Work required
Reproduce every record below word for word and include no pictures.

[Source data]
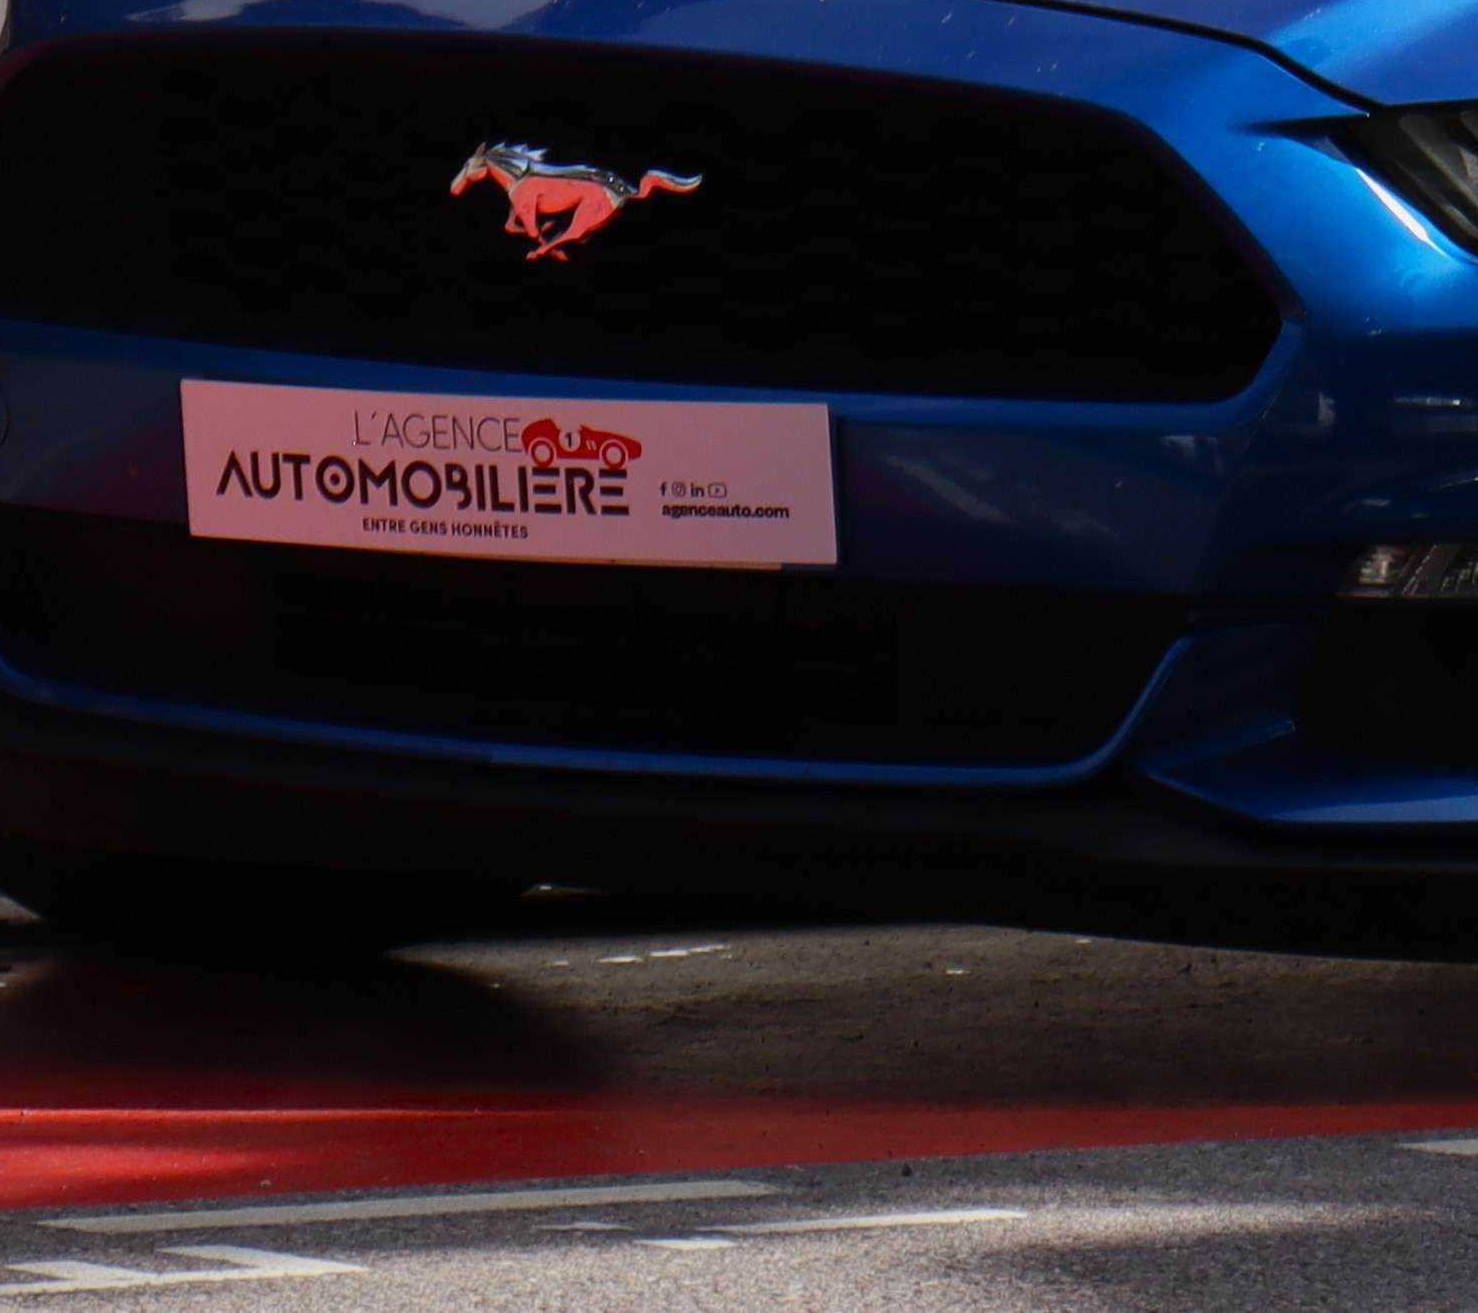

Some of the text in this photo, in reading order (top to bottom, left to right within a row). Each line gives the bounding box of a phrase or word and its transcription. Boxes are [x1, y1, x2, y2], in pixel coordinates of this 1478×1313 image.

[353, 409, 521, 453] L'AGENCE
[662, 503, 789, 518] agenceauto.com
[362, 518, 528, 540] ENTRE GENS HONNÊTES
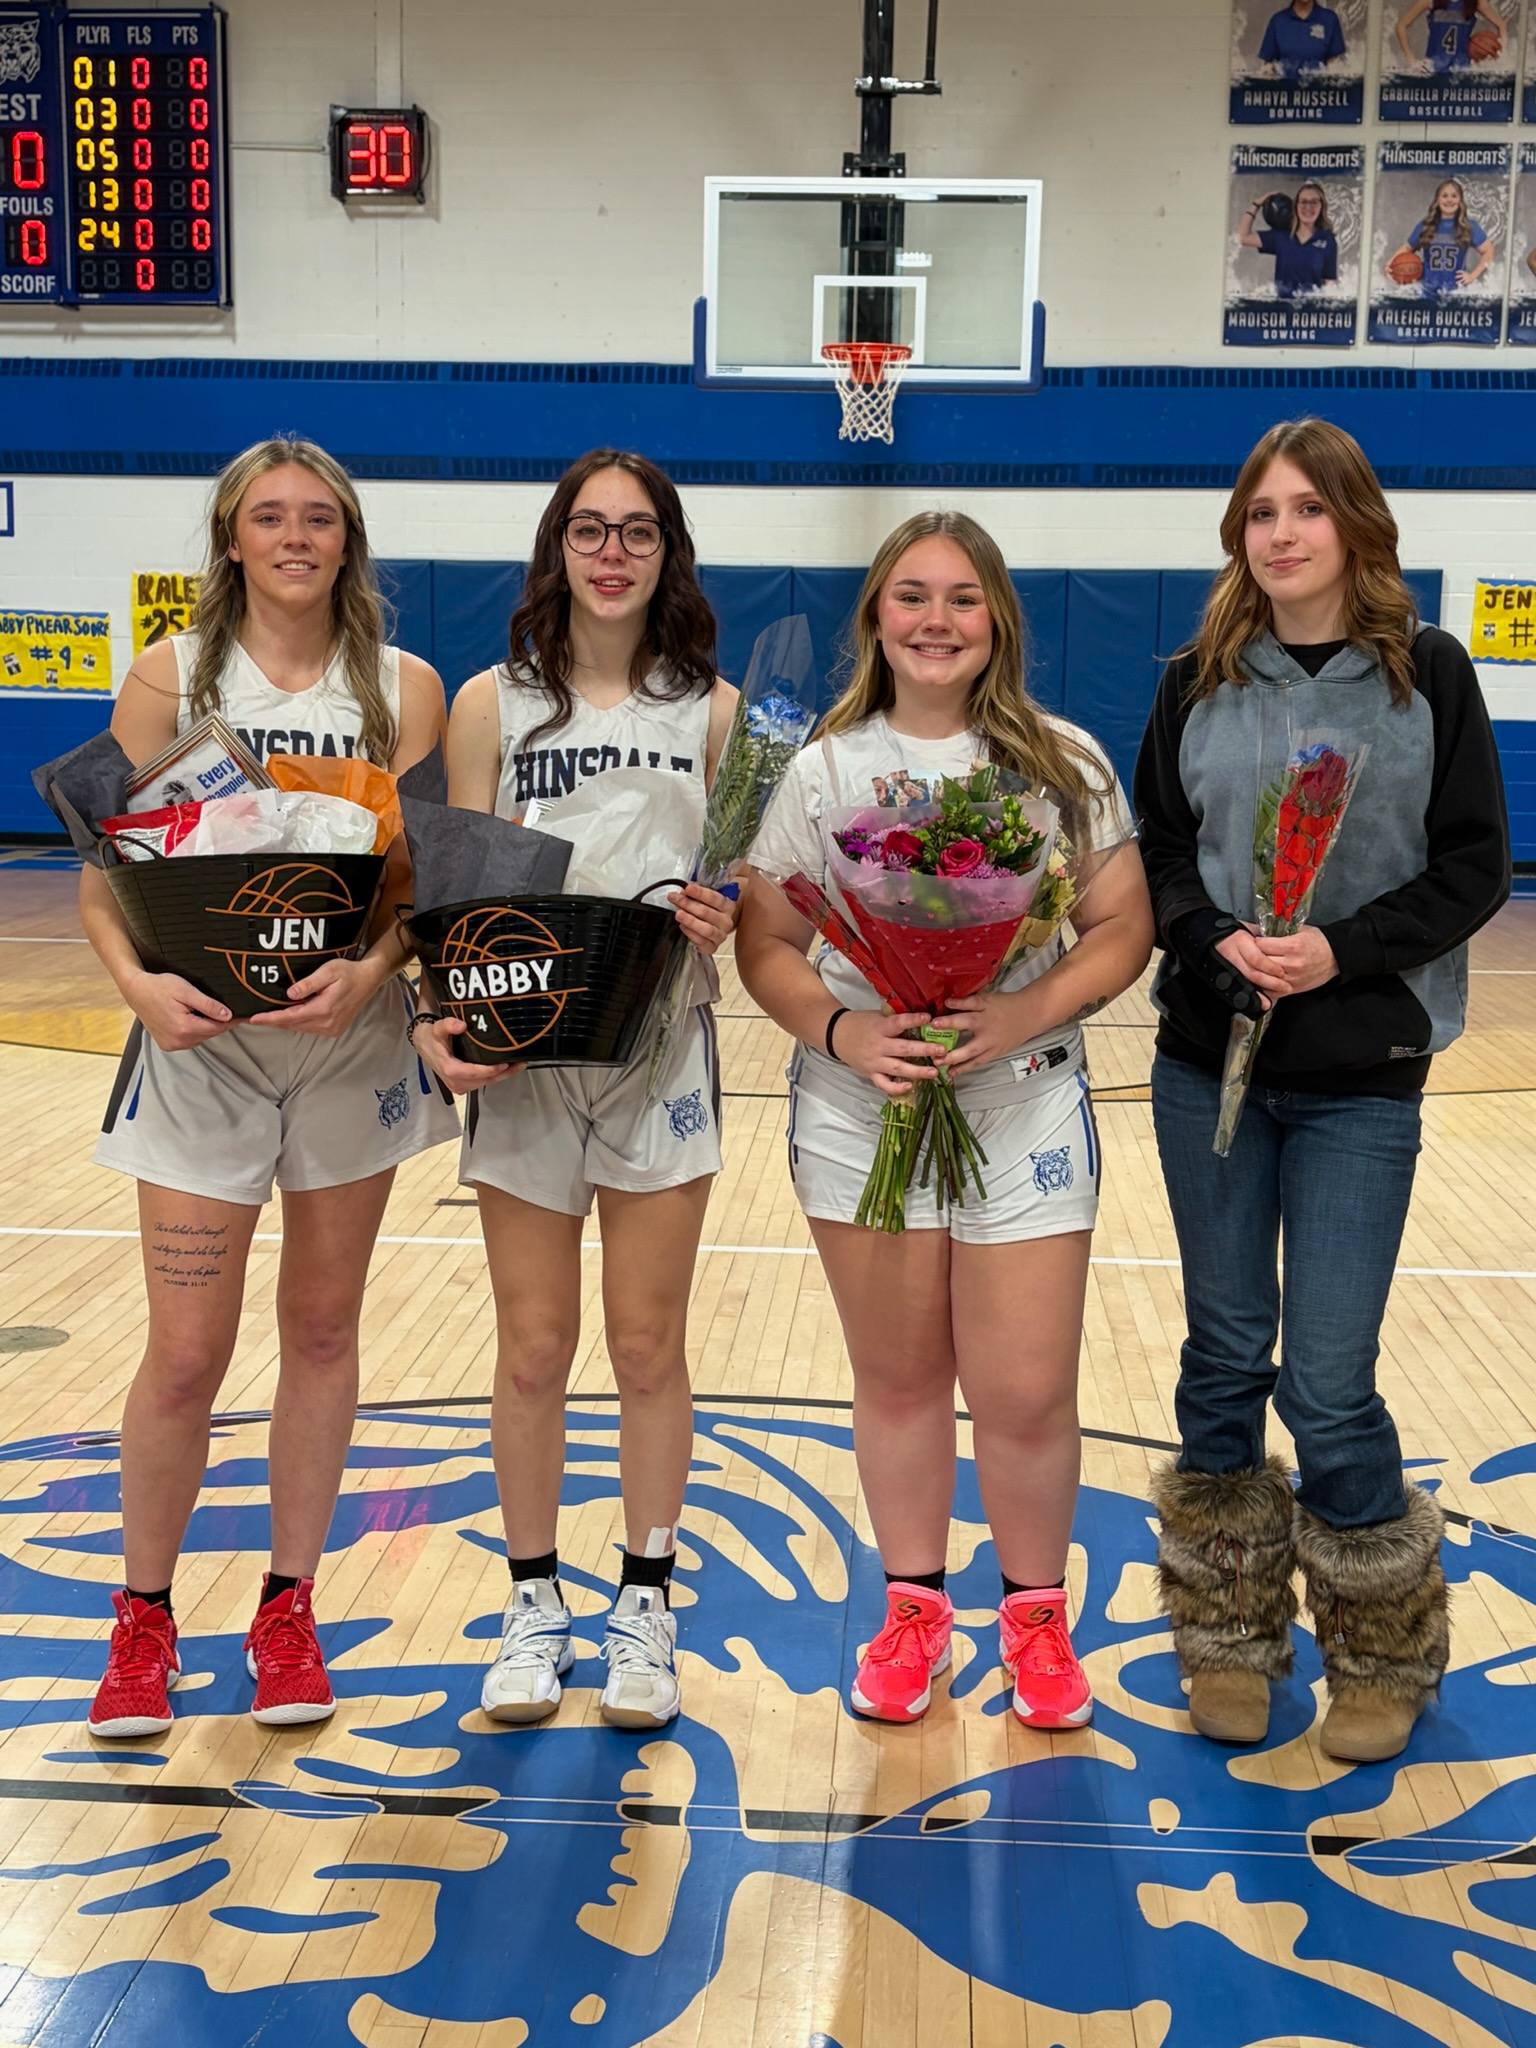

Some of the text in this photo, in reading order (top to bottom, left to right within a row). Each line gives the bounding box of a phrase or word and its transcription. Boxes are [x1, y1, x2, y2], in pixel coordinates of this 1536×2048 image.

Result below
Some of the text in this photo, in reading order (top to bottom, left to right within a row). Each line gives the bounding box of a phrase or word and its transcription. Boxes are [x1, y1, x2, y2], in pixel coordinates of this 1478×1313 image.

[353, 409, 521, 453] L'AGENCE
[662, 503, 789, 518] agenceauto.com
[362, 518, 528, 540] ENTRE GENS HONNÊTES

Some of the text in this photo, in reading order (top to bottom, left to right within a row). Each line gives the bounding box of a phrase or word and its transcription. Boxes are [x1, y1, x2, y2], in pixel coordinates of this 1536×2048 image.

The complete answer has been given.